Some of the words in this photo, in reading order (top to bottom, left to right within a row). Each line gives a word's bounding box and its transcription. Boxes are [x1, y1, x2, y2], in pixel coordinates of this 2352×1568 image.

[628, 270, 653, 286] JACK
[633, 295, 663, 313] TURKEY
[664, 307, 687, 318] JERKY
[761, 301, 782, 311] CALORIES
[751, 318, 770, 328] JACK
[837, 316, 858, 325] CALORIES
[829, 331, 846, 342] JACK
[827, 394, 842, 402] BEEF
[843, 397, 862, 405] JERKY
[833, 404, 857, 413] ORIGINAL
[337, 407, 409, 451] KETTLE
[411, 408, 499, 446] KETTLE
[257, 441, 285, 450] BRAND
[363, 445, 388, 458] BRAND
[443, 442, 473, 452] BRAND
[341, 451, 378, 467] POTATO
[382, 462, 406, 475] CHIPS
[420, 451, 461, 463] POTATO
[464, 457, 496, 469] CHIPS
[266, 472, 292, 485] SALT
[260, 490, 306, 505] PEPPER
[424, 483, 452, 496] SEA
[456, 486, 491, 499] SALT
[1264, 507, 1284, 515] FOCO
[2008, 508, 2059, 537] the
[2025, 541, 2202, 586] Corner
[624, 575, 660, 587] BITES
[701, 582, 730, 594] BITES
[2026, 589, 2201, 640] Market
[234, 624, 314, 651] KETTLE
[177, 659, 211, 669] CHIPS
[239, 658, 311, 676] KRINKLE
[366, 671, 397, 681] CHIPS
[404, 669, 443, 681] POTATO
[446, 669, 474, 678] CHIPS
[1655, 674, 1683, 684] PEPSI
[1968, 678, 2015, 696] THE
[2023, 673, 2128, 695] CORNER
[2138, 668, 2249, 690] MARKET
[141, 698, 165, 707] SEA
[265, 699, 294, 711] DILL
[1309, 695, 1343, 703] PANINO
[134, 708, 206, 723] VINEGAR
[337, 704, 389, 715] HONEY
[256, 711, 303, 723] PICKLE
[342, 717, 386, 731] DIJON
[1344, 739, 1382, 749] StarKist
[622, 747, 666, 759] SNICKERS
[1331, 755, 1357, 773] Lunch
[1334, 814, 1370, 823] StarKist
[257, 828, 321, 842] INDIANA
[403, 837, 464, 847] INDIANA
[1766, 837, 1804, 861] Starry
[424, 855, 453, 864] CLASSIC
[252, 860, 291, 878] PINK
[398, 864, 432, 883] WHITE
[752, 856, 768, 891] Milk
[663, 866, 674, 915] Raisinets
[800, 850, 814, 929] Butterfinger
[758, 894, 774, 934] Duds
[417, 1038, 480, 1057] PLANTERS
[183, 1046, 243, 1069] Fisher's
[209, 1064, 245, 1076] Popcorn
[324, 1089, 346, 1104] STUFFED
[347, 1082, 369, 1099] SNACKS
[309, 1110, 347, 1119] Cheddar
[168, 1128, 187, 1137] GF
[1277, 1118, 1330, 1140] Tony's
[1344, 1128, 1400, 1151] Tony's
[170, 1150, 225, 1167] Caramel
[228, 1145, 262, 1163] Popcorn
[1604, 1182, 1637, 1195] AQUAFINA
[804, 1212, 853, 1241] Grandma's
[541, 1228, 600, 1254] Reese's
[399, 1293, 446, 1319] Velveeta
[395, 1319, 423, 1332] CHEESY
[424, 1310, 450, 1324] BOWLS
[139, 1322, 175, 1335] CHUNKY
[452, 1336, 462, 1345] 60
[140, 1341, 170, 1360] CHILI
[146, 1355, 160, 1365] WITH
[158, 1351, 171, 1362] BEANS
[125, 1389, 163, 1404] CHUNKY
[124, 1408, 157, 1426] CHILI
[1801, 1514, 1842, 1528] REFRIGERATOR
---*---
*YOUR INSTRUCTIONS:* Which lines of the data include the string "JERKY"? Copy each of them.

*SOLUTION TO THIS EXERCISE:*
[664, 307, 687, 318] JERKY
[843, 397, 862, 405] JERKY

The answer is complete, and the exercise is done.